Toute personne qui détient ou exploite une installation, industrielle ou non, doit s’interroger, avant son démarrage, sur sa situation administrative au regard des installations classées pour la protection de l’environnement inscrites au Code de l’environnement. Pour ce faire, elle doit consulter la nomenclature des installations classées établie par décret en Conseil d’État.

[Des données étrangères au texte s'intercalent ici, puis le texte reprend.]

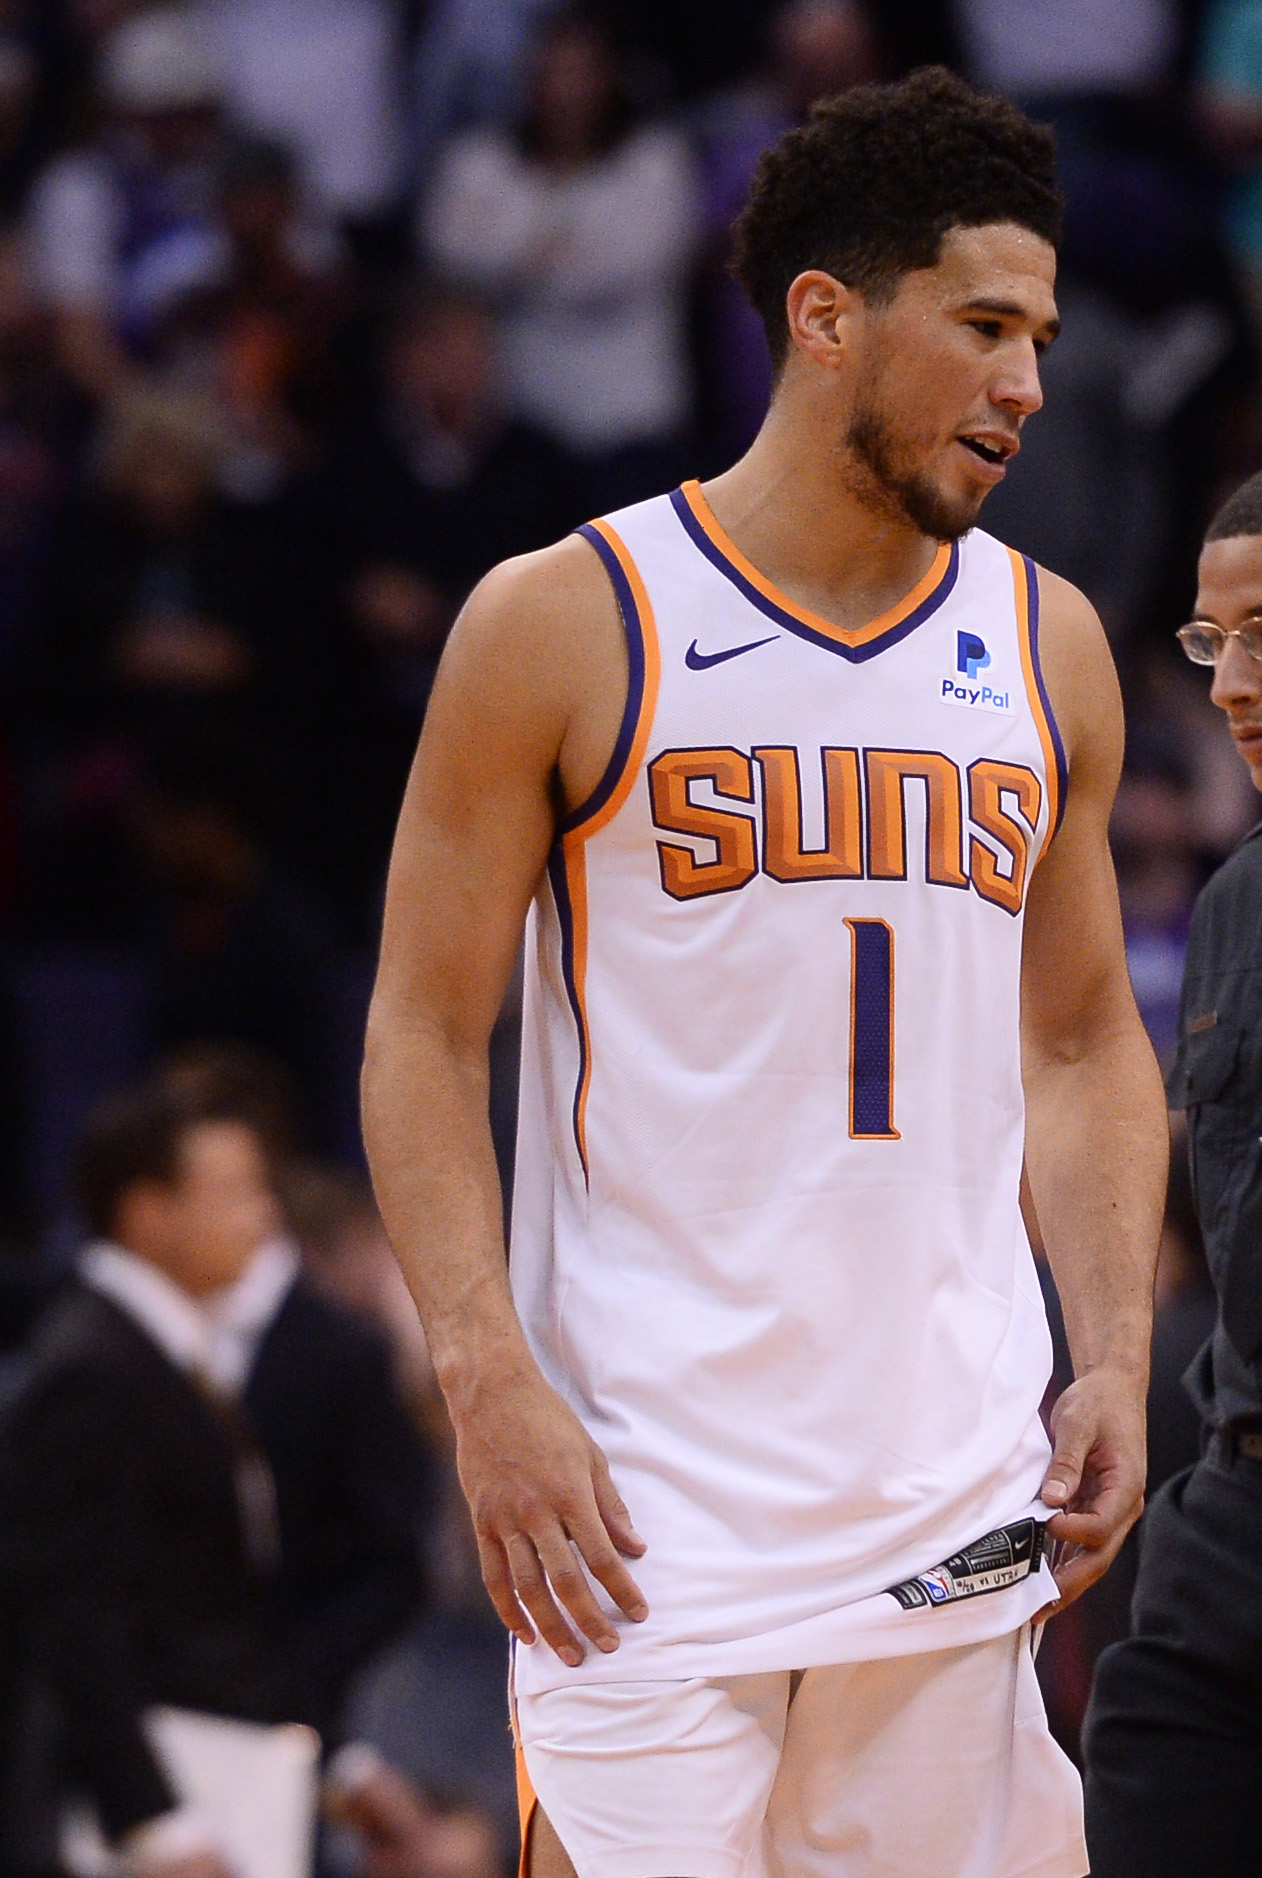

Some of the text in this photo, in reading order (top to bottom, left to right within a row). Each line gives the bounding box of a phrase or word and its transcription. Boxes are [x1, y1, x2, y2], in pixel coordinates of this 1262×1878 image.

Que recouvre la notion d’arrêté type ?
Suivant la gravité des dangers et inconvénients que peut présenter une exploitation, plusieurs cas sont possibles. Dans le cas où l’entreprise est soumise à déclaration (D) ou à déclaration avec contrôle périodique (DC), une réglementation spécifique lui est applicable :
l’arrêté type.
Si au moins une des installations est soumise à déclaration et qu’aucune d’entre elles ne dépasse un seuil d’autorisation, l’installation est soumise à déclaration (D) ou à déclaration avec contrôle périodique (DC). Dans ce cas, l’exploitant doit constituer un dossier de déclaration qui sera remis en préfecture. Après vérification de la conformité du dossier, le préfet délivre un récépissé de la déclaration. À partir de ce moment-là, l’exploitant doit respecter les prescriptions de l’arrêté type relatif à la (ou aux) rubrique(s) en question.